* _REQUIREMENT_
The records below need to be set down again exactly; their images stay out.

+ + +

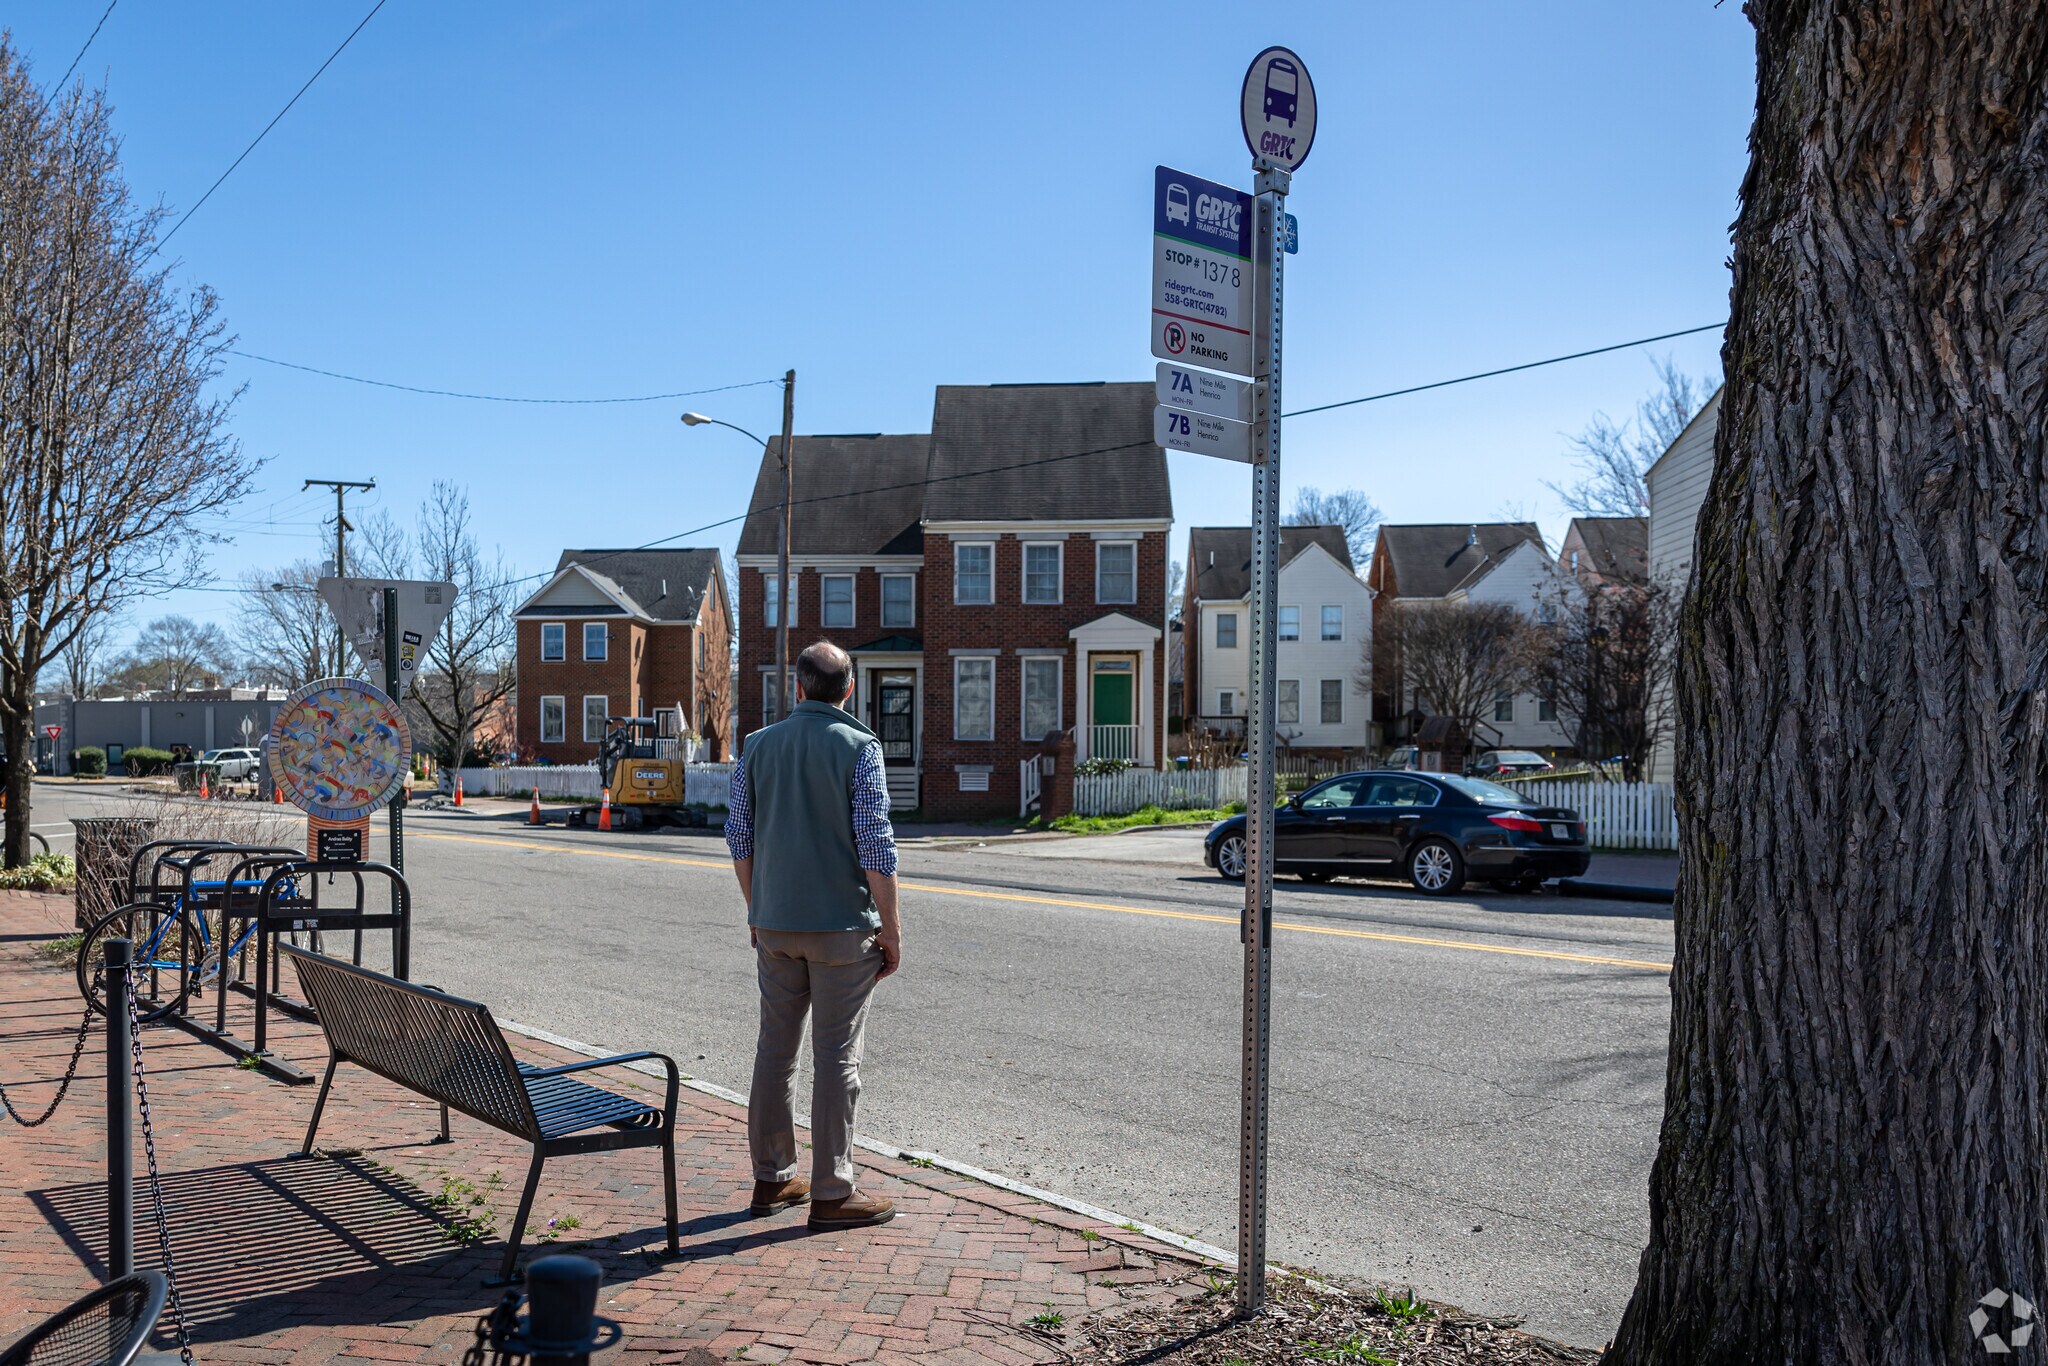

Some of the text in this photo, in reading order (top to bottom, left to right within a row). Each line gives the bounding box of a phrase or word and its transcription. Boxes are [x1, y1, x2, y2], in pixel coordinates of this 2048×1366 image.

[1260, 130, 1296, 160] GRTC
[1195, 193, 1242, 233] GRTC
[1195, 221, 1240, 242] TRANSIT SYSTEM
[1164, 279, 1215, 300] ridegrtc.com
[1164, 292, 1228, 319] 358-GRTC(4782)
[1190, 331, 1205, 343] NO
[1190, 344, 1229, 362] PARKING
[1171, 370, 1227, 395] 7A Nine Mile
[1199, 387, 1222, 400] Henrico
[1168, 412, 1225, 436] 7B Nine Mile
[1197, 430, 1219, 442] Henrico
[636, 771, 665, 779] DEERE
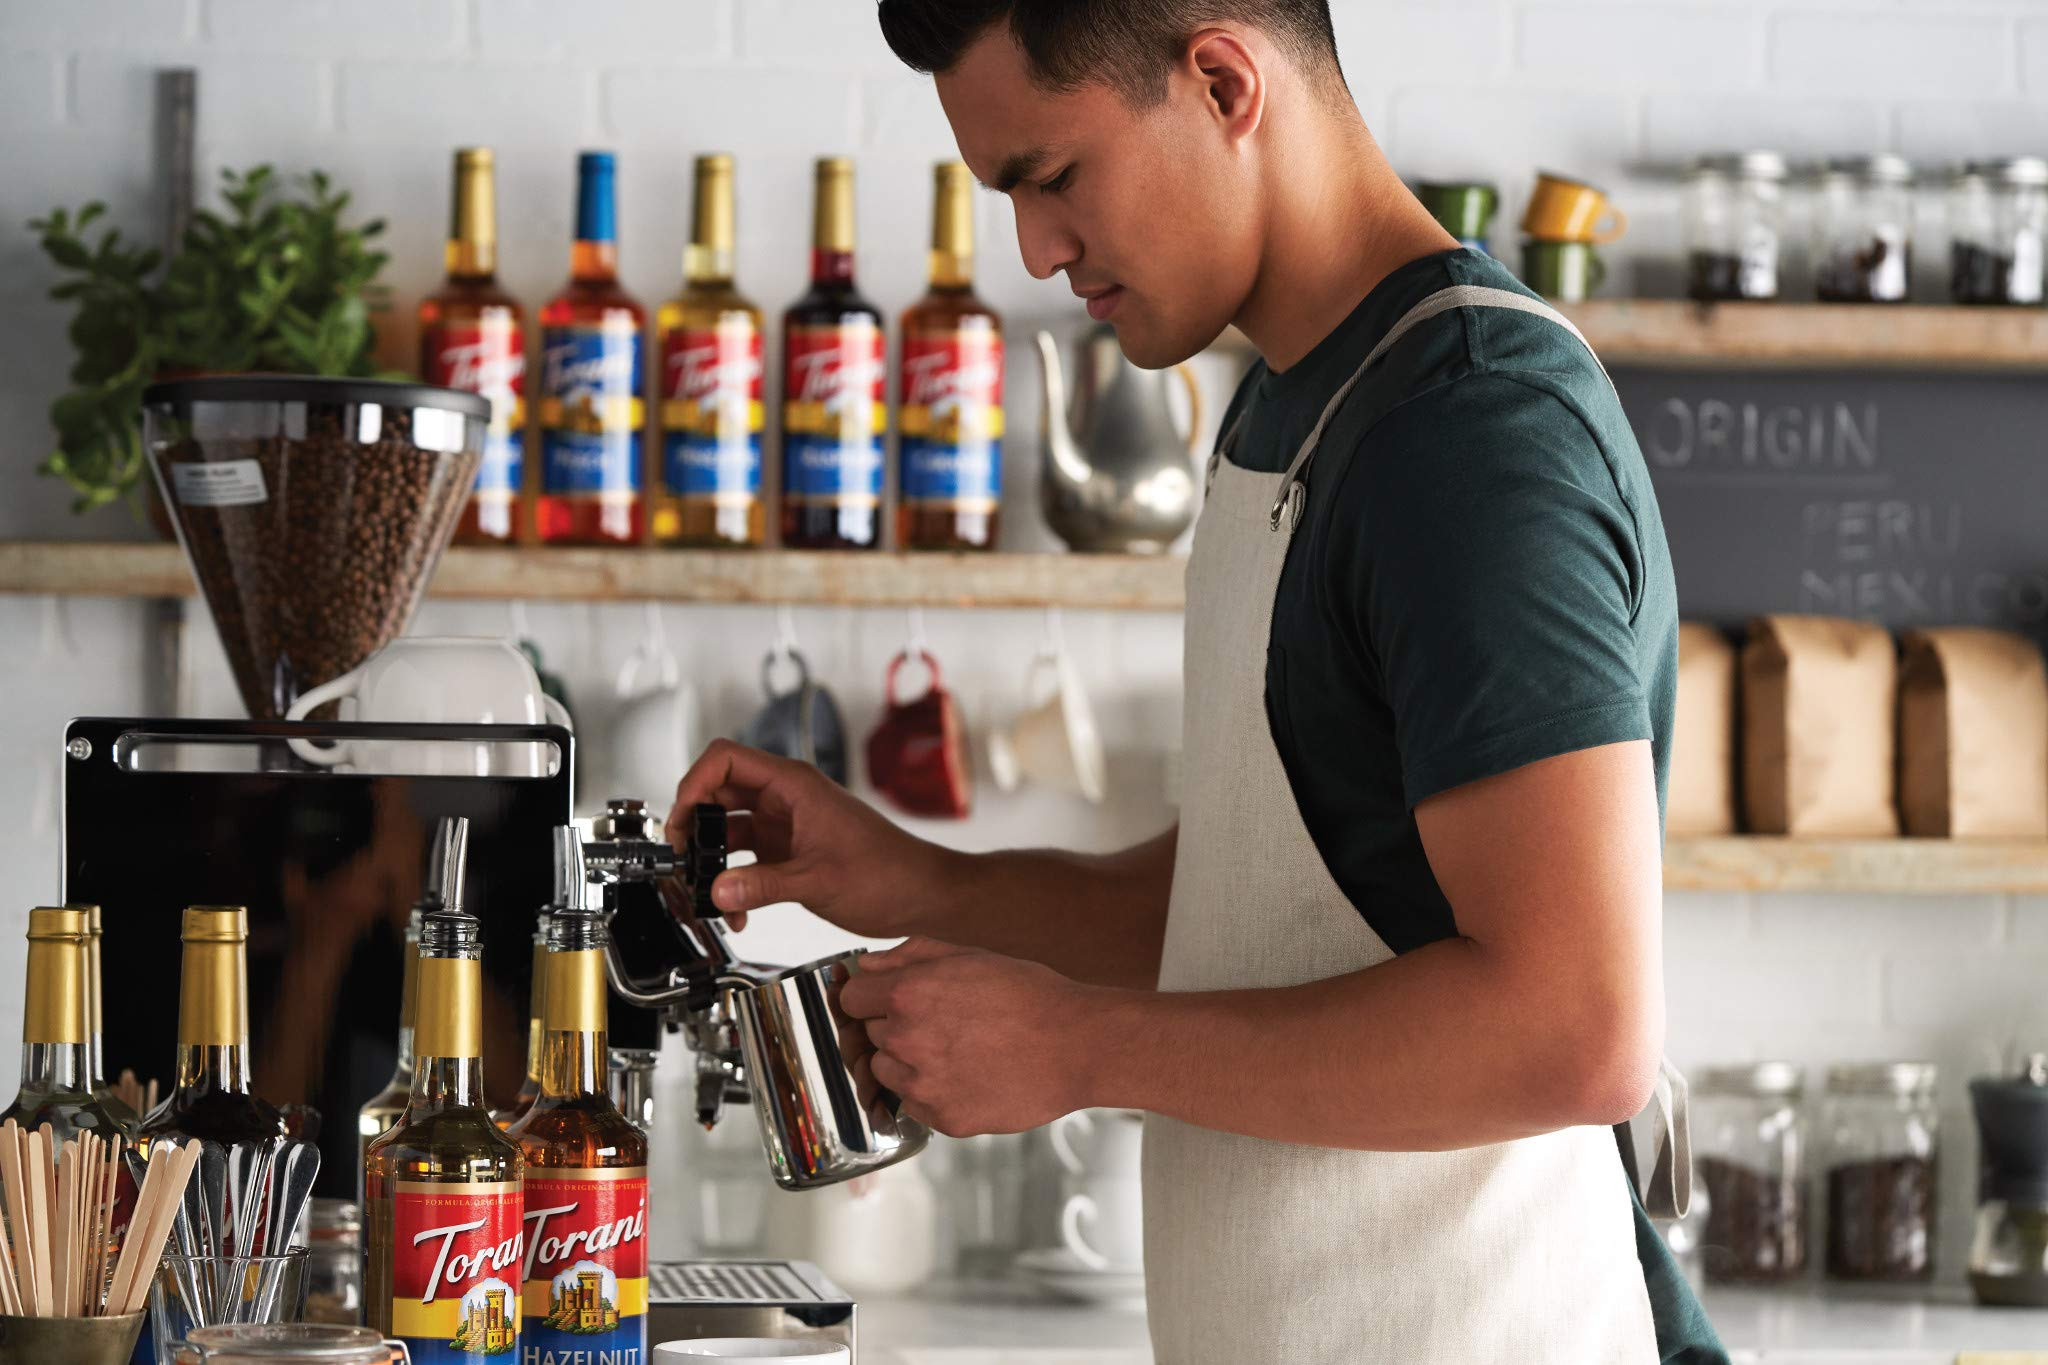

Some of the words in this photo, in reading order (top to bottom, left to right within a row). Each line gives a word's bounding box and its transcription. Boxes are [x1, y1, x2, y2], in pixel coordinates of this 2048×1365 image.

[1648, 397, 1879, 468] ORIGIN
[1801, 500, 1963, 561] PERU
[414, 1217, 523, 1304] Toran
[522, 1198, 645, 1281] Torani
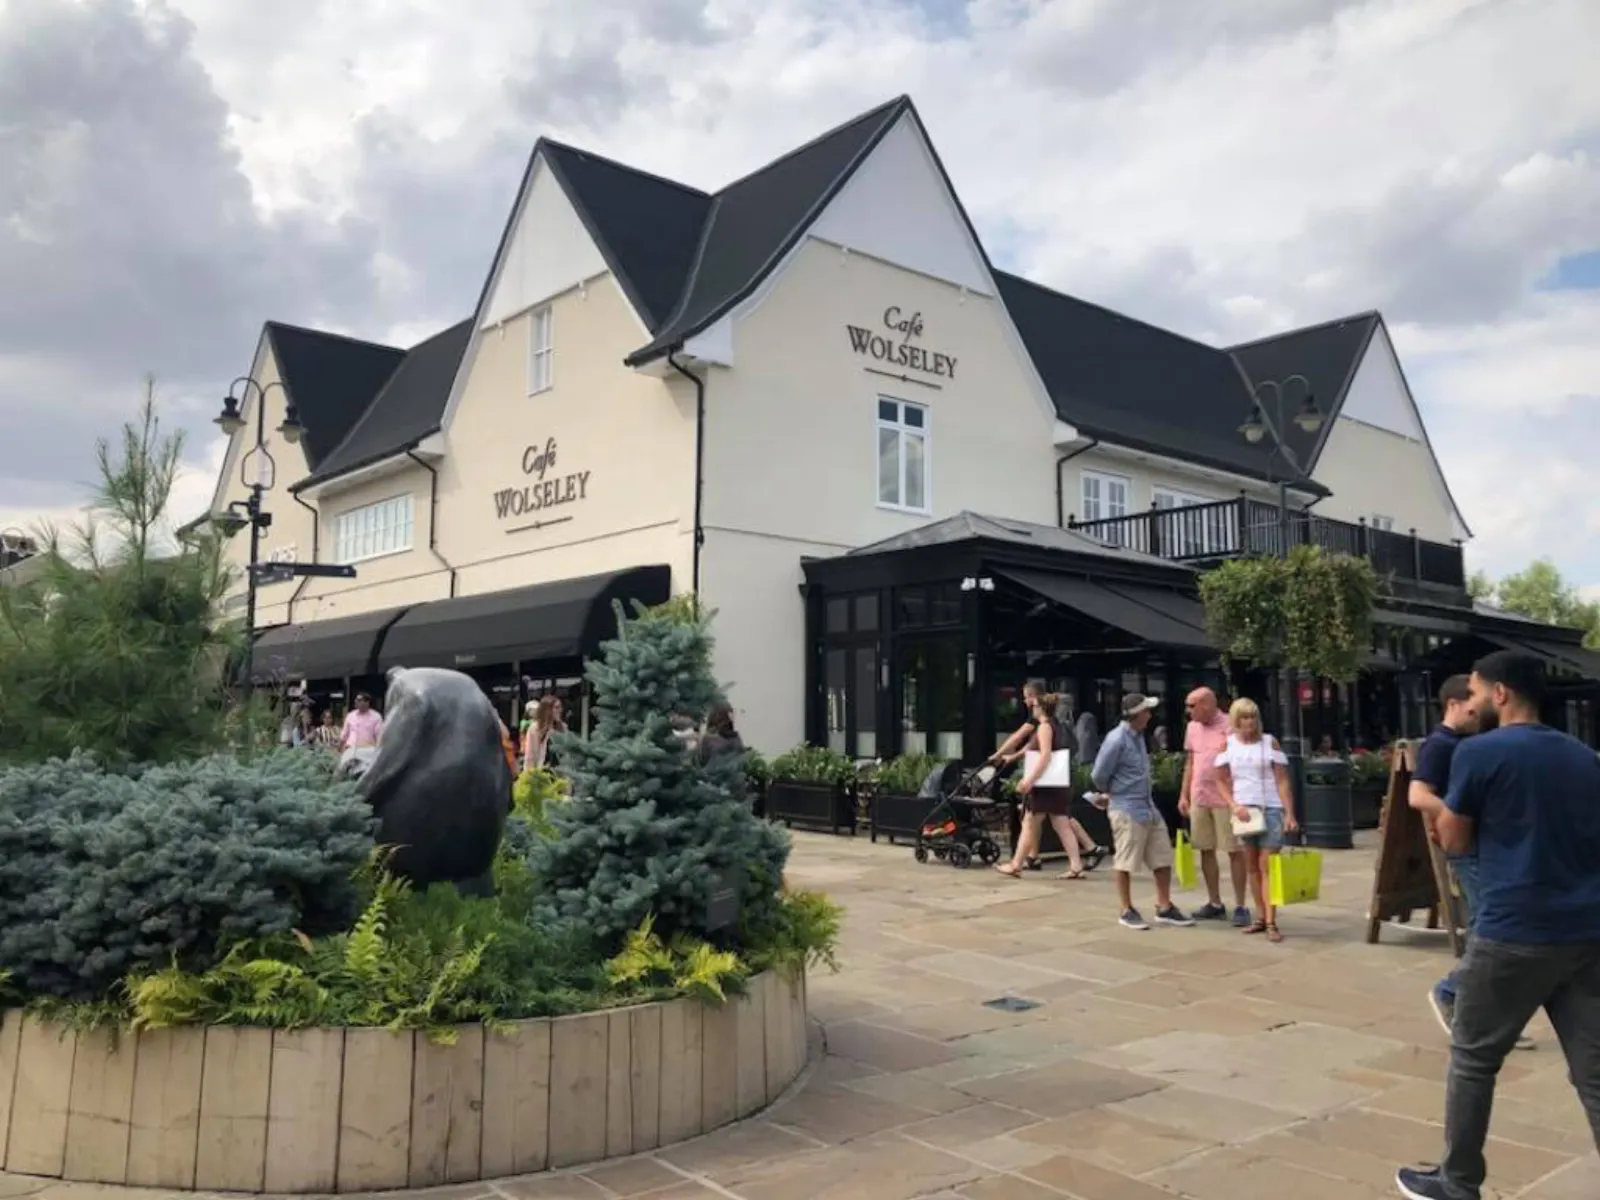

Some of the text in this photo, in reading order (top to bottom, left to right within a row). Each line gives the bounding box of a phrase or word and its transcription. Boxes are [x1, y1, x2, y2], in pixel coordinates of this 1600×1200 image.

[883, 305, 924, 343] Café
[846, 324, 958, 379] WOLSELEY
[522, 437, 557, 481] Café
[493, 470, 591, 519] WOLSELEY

+ + +

* _EXERCISE SOLUTION_
Some of the text in this photo, in reading order (top to bottom, left to right within a row). Each line gives the bounding box of a phrase or word and its transcription. Boxes are [x1, y1, x2, y2], in pixel coordinates of this 2048×1366 image.

[1260, 130, 1296, 160] GRTC
[1195, 193, 1242, 233] GRTC
[1195, 221, 1240, 242] TRANSIT SYSTEM
[1164, 279, 1215, 300] ridegrtc.com
[1164, 292, 1228, 319] 358-GRTC(4782)
[1190, 331, 1205, 343] NO
[1190, 344, 1229, 362] PARKING
[1171, 370, 1227, 395] 7A Nine Mile
[1199, 387, 1222, 400] Henrico
[1168, 412, 1225, 436] 7B Nine Mile
[1197, 430, 1219, 442] Henrico
[636, 771, 665, 779] DEERE

Some of the words in this photo, in reading order (top to bottom, left to right within a row). Each line gives a word's bounding box and its transcription. Boxes are [x1, y1, x2, y2], in pixel coordinates of this 2048×1365 image.

[1648, 397, 1879, 468] ORIGIN
[1801, 500, 1963, 561] PERU
[414, 1217, 523, 1304] Toran
[522, 1198, 645, 1281] Torani

Some of the text in this photo, in reading order (top to bottom, left to right within a row). Each line gives the bounding box of a phrase or word and its transcription. Boxes are [x1, y1, x2, y2], in pixel coordinates of this 1600×1200 image.

[883, 305, 924, 343] Café
[846, 324, 958, 379] WOLSELEY
[522, 437, 557, 481] Café
[493, 470, 591, 519] WOLSELEY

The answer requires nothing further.